Vina (Spanish: Viña, meaning "Vine") is a census-designated place (CDP) in Tehama County, California, United States. Vina sits at an elevation of 210 ft. The 2020 United States census reported Vina's population was 198.

Vina is the location of the Roman Catholic Trappist Abbey of New Clairvaux.

==History==
Hiram Good, "Indian hunter", homesteaded in Lower Deer Creek, later Vina,
filing Proof of Claim in the Marysville office on February 4, 1857.

Lower Deer Creek became Vina in the 1860s when a winery was founded. It derives its name from the Spanish-language word meaning "vineyard". A post office has been in operation at Vina since 1871.

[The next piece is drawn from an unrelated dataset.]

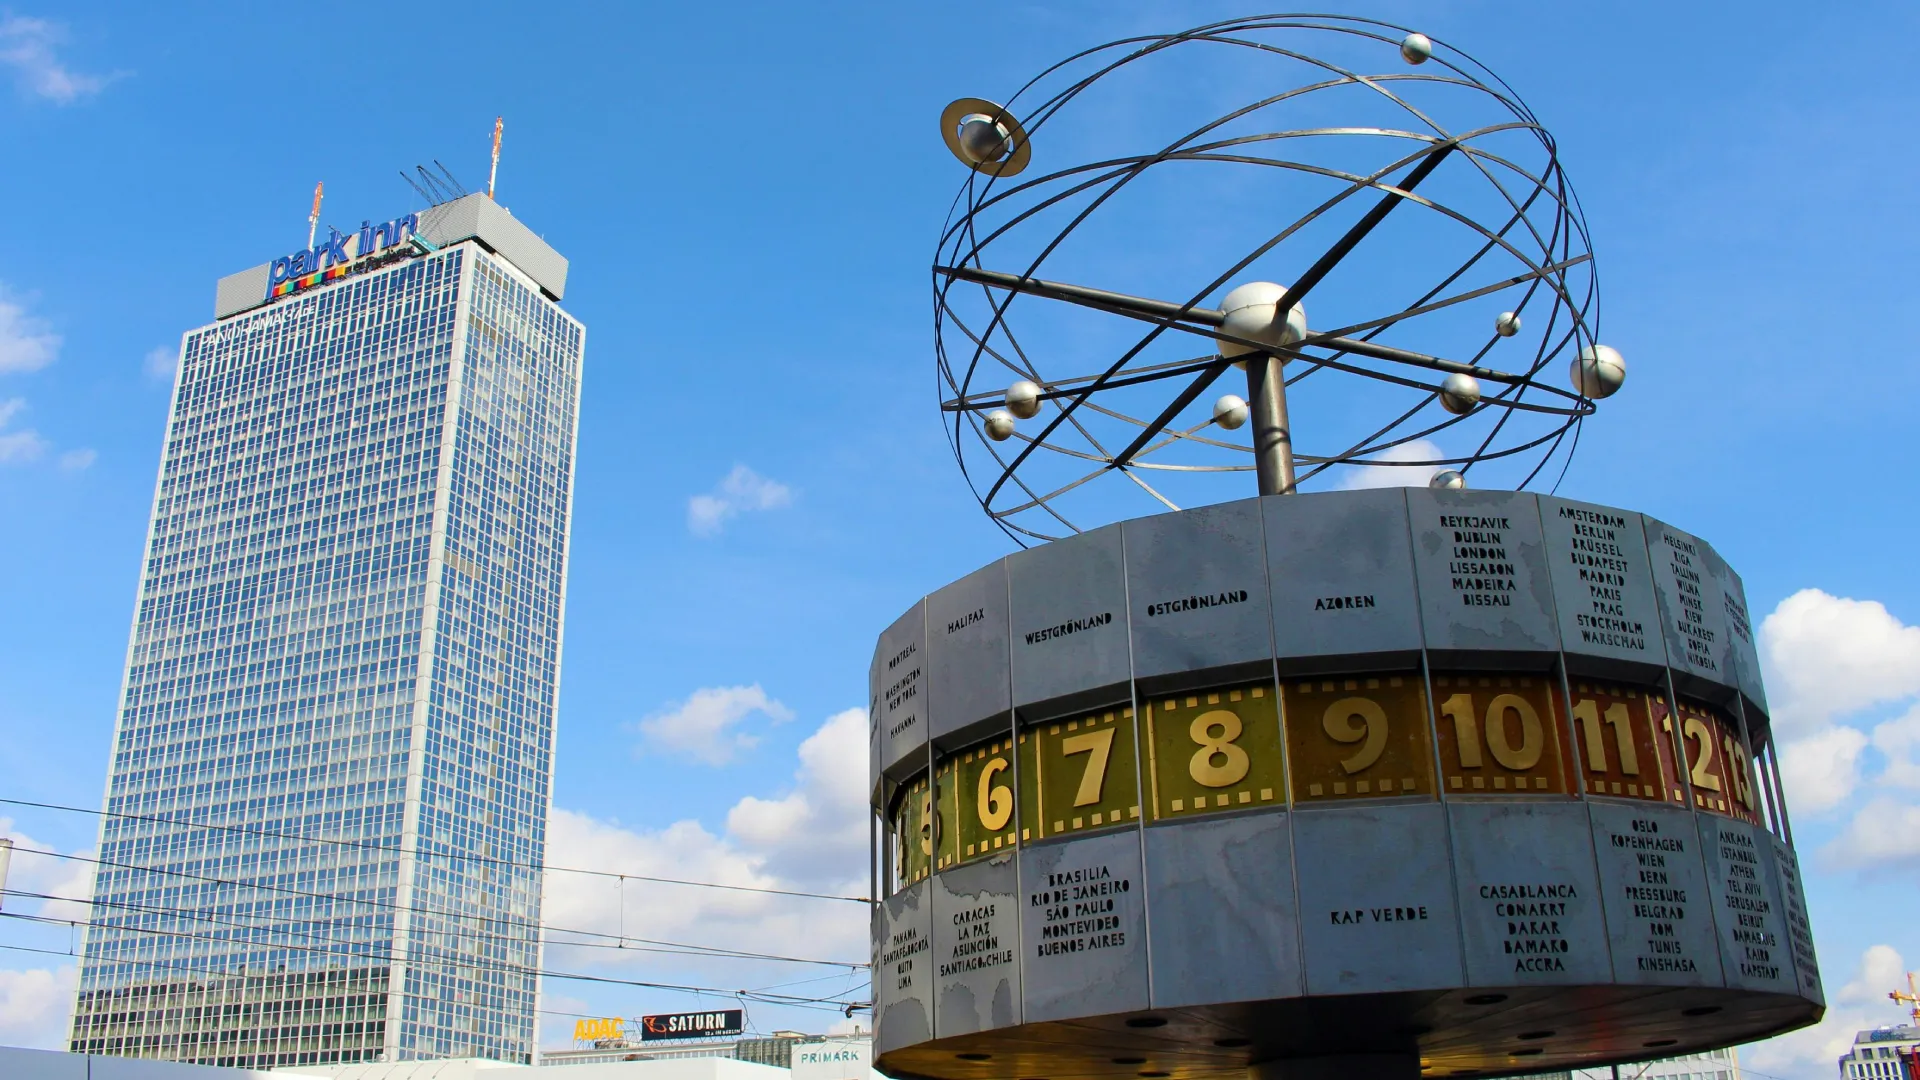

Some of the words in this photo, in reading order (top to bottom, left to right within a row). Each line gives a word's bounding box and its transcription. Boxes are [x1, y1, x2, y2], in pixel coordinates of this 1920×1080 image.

Beginning in 1881, railroad industrialist and former governor Leland Stanford bought land in and around Vina, which he developed into a huge ranch of 55,000 acre. It included what was at the time the largest vineyard in the world — 4000 acre growing 3 million vines. The ranch also grew fruit, vegetables, and grain, along with hundreds of horses, cattle, and hogs. His wines were not successful, and he turned to producing medicinal brandy instead. The village grew with the ranch; at its height Vina had a population of 1,300 and boasted two hotels and five saloons. After Stanford's death his widow Jane Stanford tried to maintain the ranch, keeping it until 1898 or later.

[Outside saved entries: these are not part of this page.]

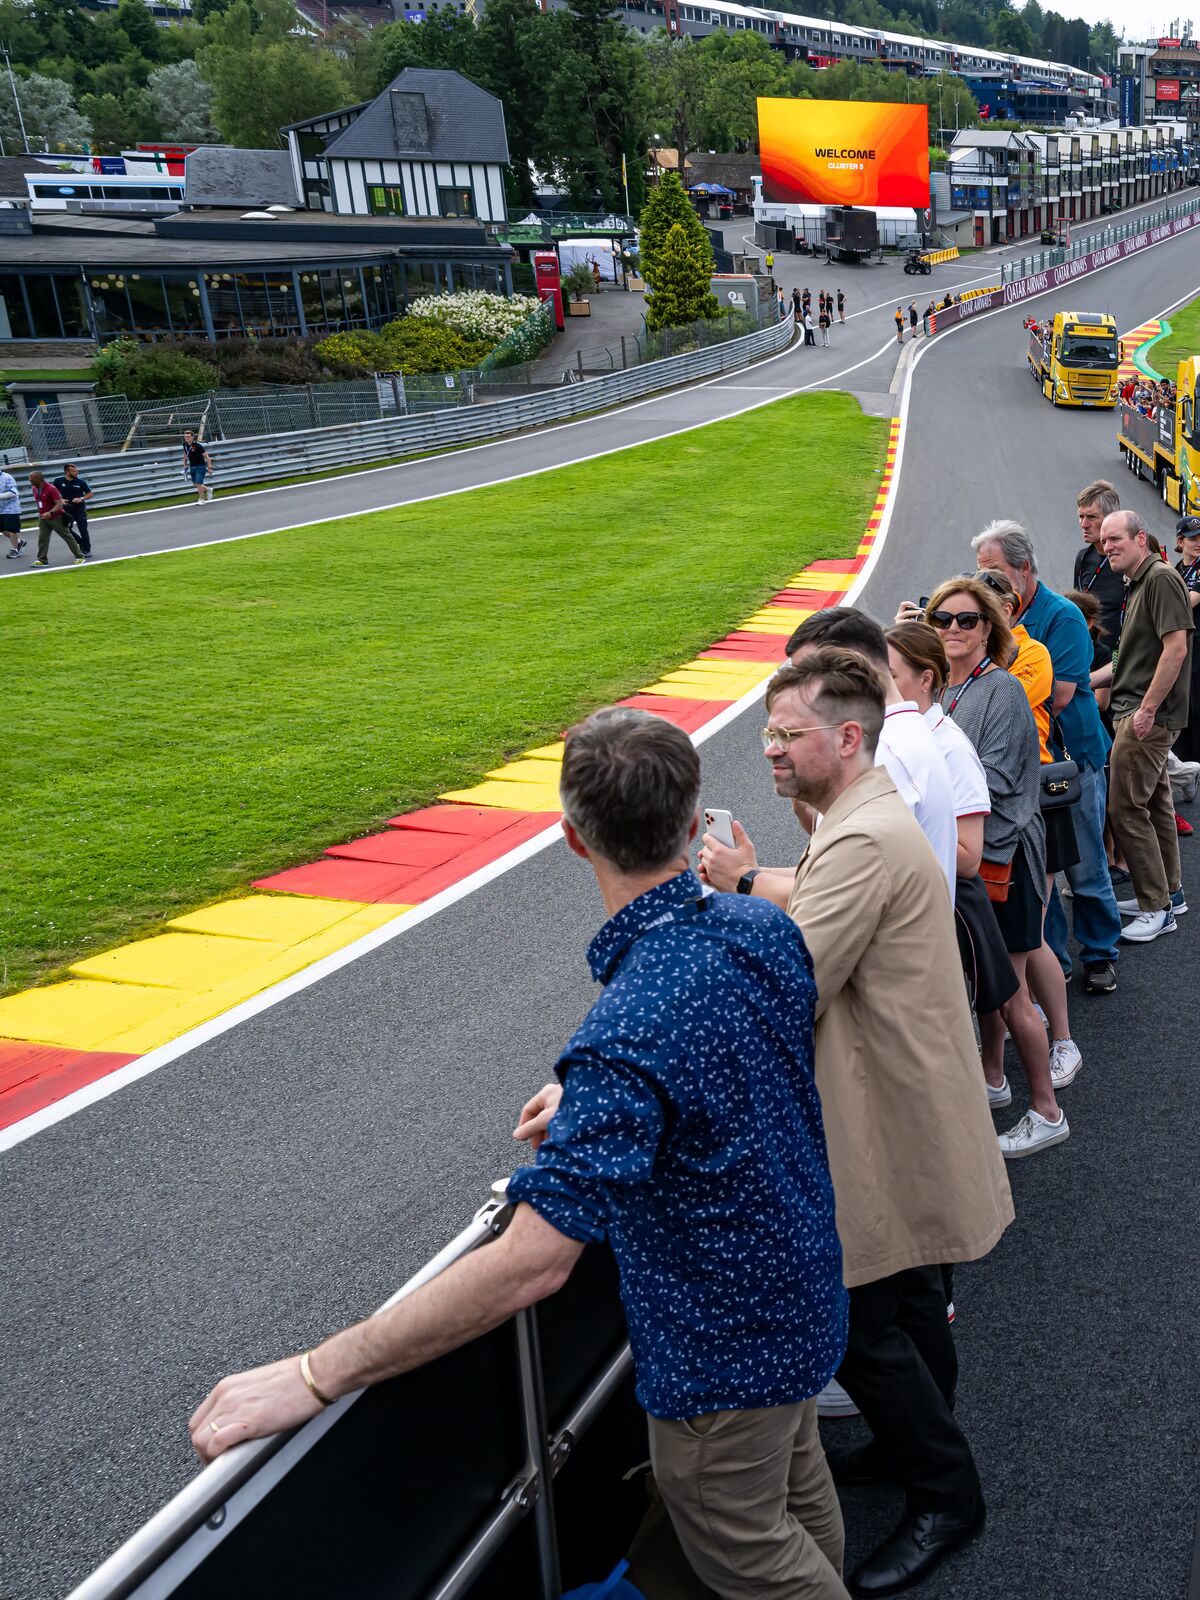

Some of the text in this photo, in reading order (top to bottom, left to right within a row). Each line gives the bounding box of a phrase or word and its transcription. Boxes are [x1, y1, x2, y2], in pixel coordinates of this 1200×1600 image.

[815, 148, 876, 160] WELCOME
[828, 162, 859, 170] CLUSTER
[1054, 257, 1088, 285] QATAR AIRWAYS
[1006, 272, 1048, 302] QATAR AIRWAYS
[959, 295, 992, 318] QATAR AIRWAYS

On July 1, 1955, a property known as the Flynn Ranch was sold to Gethsemani Abbey and became the site of the Vina Monastery. In 1959 it became the Abbey of New Clairvaux.

==Geography==
According to the United States Census Bureau, the CDP covers an area of 1.4 square miles (3.5 km^{2}), all land.

==Demographics==

Vina first appeared as a census designated place in the 2010 U.S. census.

The 2020 United States census reported that Vina had a population of 198. The population density was 146.4 PD/sqmi. The racial makeup of Vina was 124 (62.6%) White, 0 (0.0%) African American, 4 (2.0%) Native American, 2 (1.0%) Asian, 0 (0.0%) Pacific Islander, 27 (13.6%) from other races, and 41 (20.7%) from two or more races. Hispanic or Latino of any race were 68 persons (34.3%).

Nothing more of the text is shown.